When Scott brought Phil to the conference room, I was waiting. This was the first time I ever met Phil, and I was nervous. I set everything up as I had a few days earlier, but I had already made a couple of changes to the keyboard user interface. Scott introduced me. Phil greeted me with a quick courtesy that showed he wanted to get right down to business.
He picked up the Wallaby and tapped a few times. I didn’t see what he typed. Phil asked me why I’d put more than one letter on every key. He was pleasant but direct. He seemed to think that my keyboard looked odd, that it required an explanation.
I tried to give him one. I told him about our decisions to make big keys that were easy to target and couple them with suggestions from a dictionary.
Phil wasn’t satisfied, and he said so. Then that was it. I was surprised we were done so fast. The demo was over in about two minutes.
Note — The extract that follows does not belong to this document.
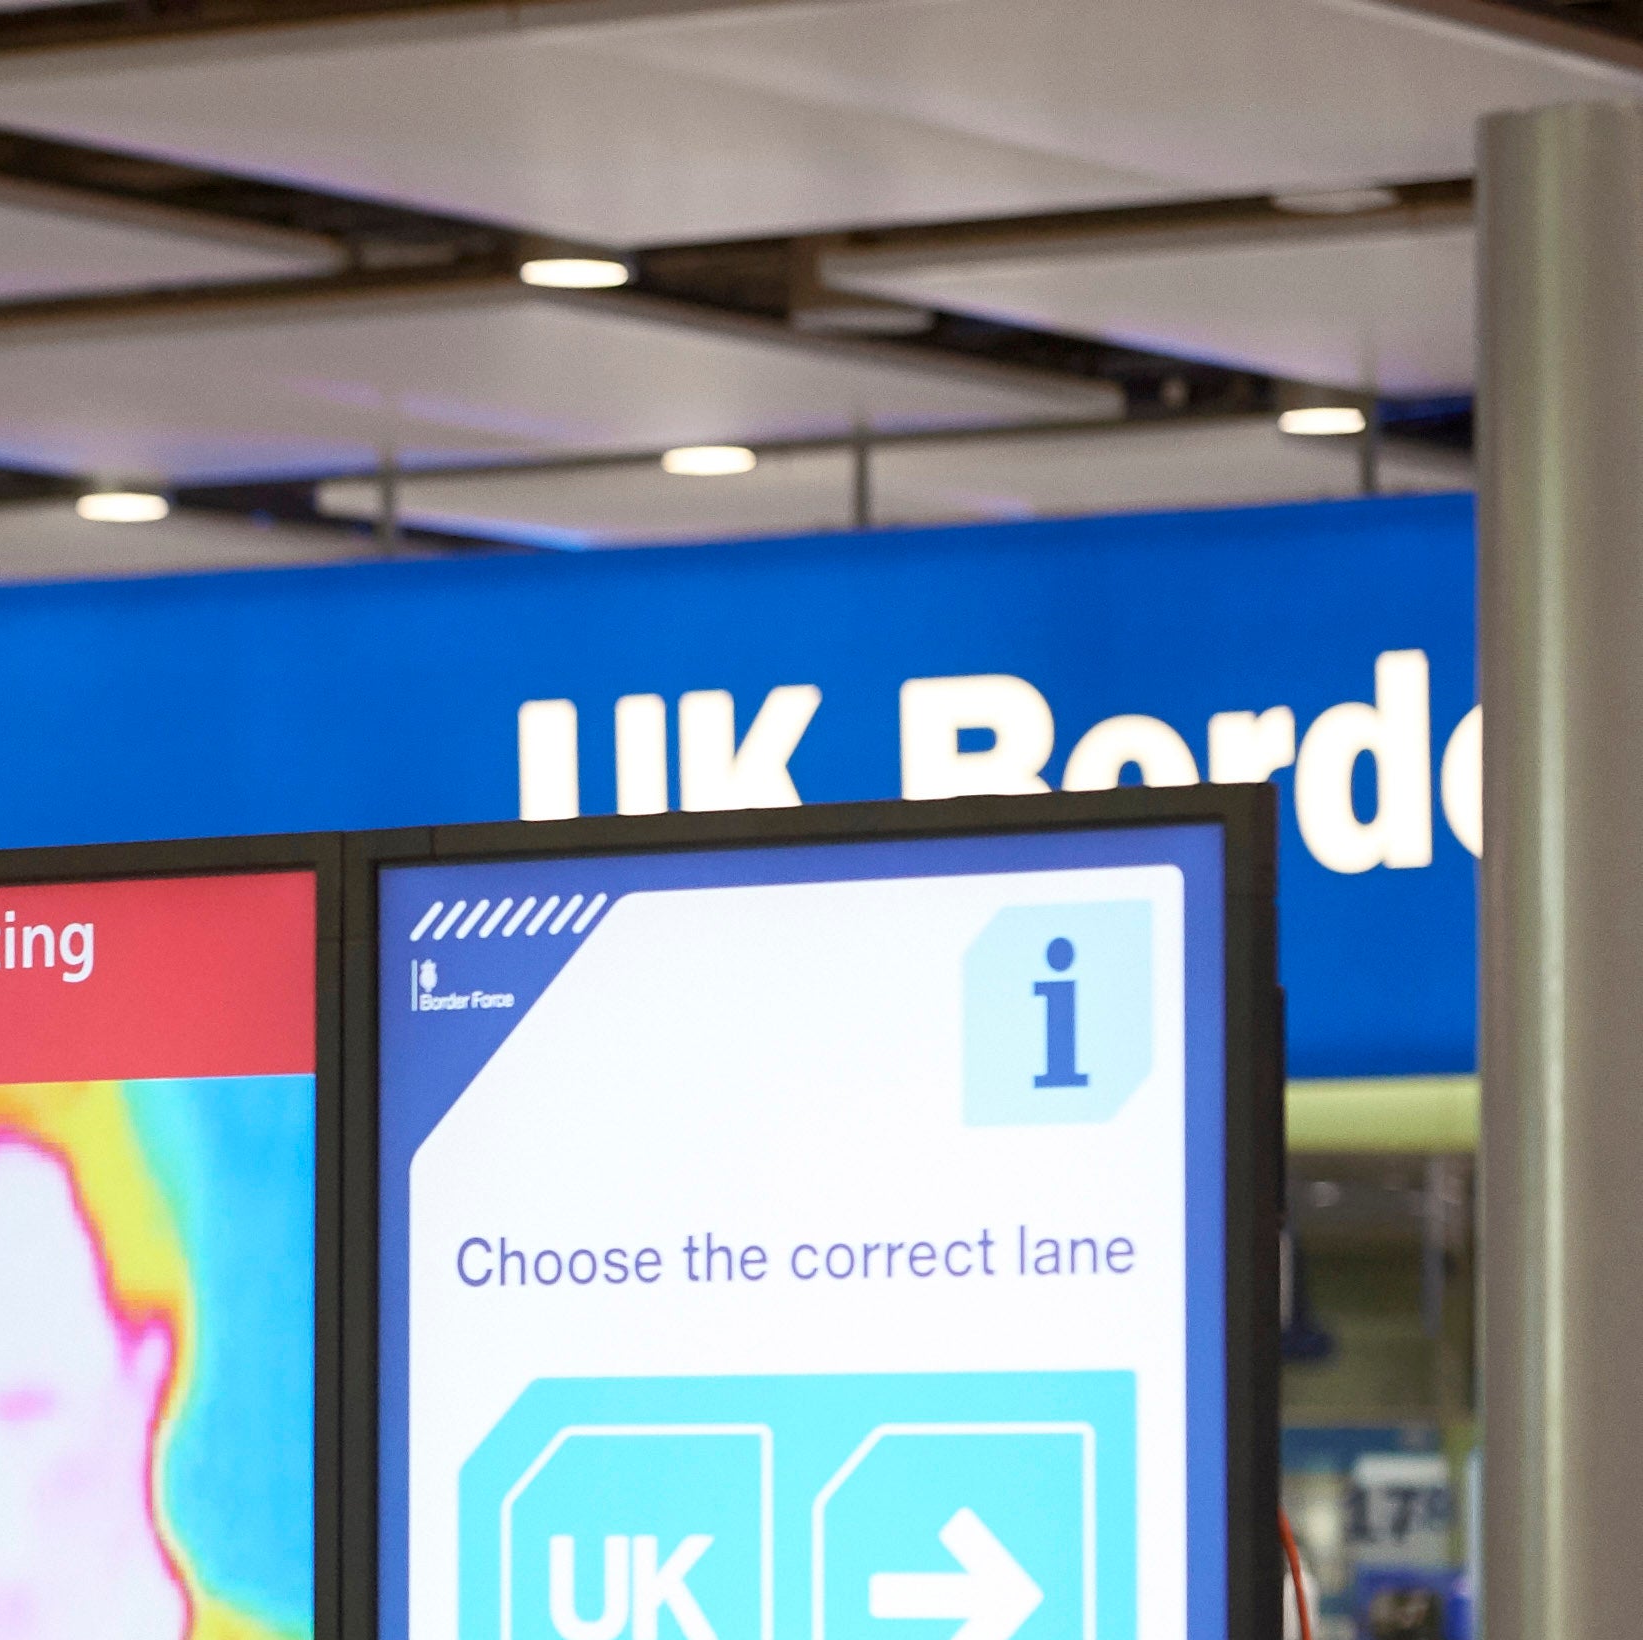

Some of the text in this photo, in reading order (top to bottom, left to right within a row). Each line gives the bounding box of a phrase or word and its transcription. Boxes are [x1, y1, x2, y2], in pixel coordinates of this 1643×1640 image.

It was sobering to hear Phil’s point of view. Obviously, he had none of the emotional connection I had to my keyboard. While I had been working hard on it, for Phil it was brand new, and he was indifferent to it. He expected the software to win him over, and apparently, it didn’t. This mattered for two reasons. First, as I said, Phil would be playing a pivotal role in pitching the Purple phone to people in the outside world once we were done developing it. Second, and perhaps more important, his reaction was just like a prospective customer evaluating a product from scratch. My keyboard would be a part of the overall impression, and Phil was confused rather than convinced.
A couple days later, Scott and I repeated the private demo performance for Tony Fadell, the executive in charge of the iPod division. I had never met Tony before either, but I didn’t have to know him to see how preoccupied he was. When he walked over to the conference room table with my demo on it, he barely glanced at my keyboard. He didn’t ask any questions. Then he tried my software, but he couldn’t have typed more than a word or two. The demo with him was even shorter than the one for Phil, and within a minute, he and Scott went off together for a private meeting, leaving me alone in the conference room to clean up the Mac, the Wallaby, and the wires connecting them.
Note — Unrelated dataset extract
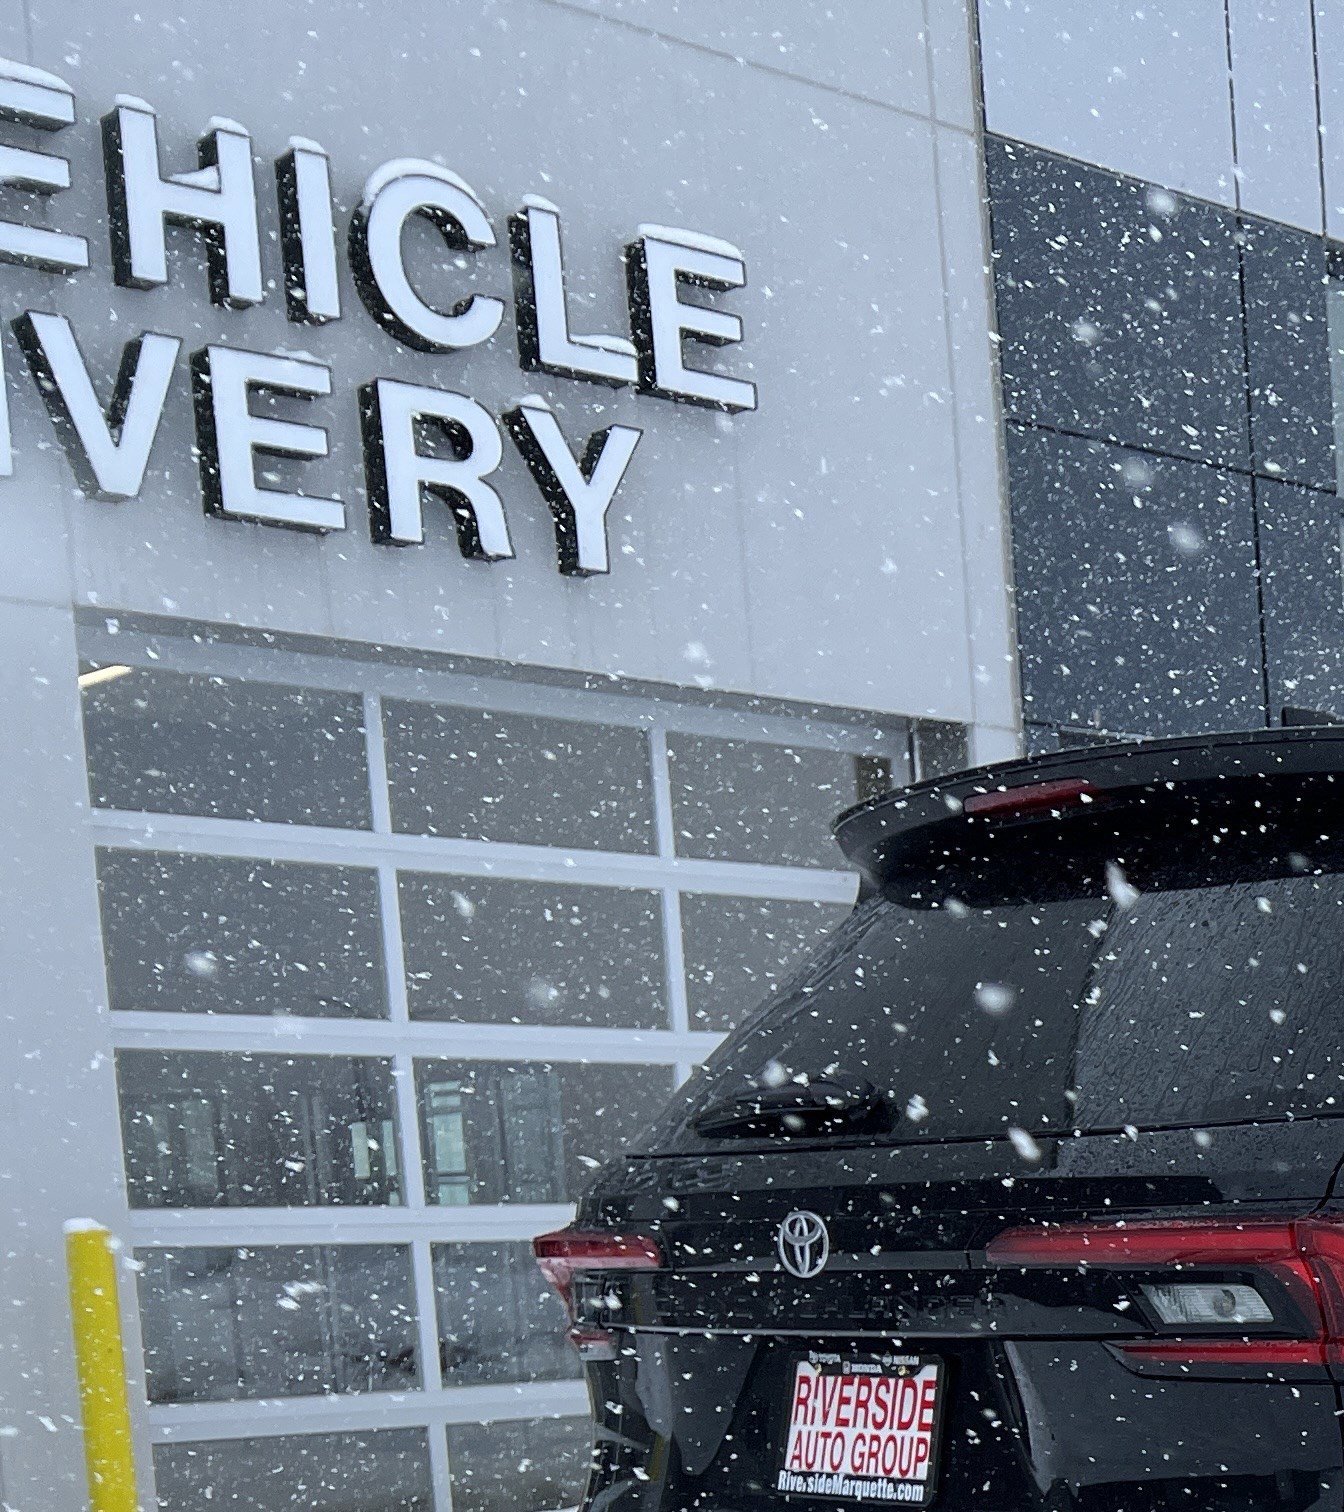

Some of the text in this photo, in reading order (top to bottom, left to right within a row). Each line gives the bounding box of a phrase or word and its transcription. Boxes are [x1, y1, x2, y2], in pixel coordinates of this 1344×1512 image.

Two demos with less-than-positive responses. Add that to my fellow derby entrants’ lack of excitement, and I could tell we didn’t yet have exactly the right solution. I didn’t get to demo the software for Steve. Maybe Scott concluded that we weren’t ready for the big time, but he never said anything specific to me about these executive demos, good or bad.
I didn’t feel like I had let Scott down. My code was the same as it was on derby day. There were no bad bugs during these executive demos. As I tried to interpret the feedback and decide what to do next, I thought back to the Black Slab Encounter with Safari. That breakthrough didn’t represent an end; it signaled a beginning. As exciting as it was to see our web browser render the first sliver of a web page, we realized what the milestone meant. I began to look at my derby-winning design in a similar way, as if it were a successful audition rather than a sold-out performance.
I started to think about improvements, and to help me keep my keyboard goal literally in sight as I sat in my office, I measured and cut out a small piece of paper, about 2 inches wide by 1.3 inches tall, a little smaller than half the size of a credit card turned on end. I pinned up this little slip of paper on the bulletin board next to my desk. I looked at it often. This was all the screen real estate I had available for my keyboard.
This was my touchscreen typing canvas. People would have to tap-tap-tap in that tiny rectangle to type, and I had to figure out how to make that happen. As I pondered that small shape and took stock of my software, I got accustomed to the idea that I might need to rethink some of the decisions that led to the derby-winning design, perhaps all of them.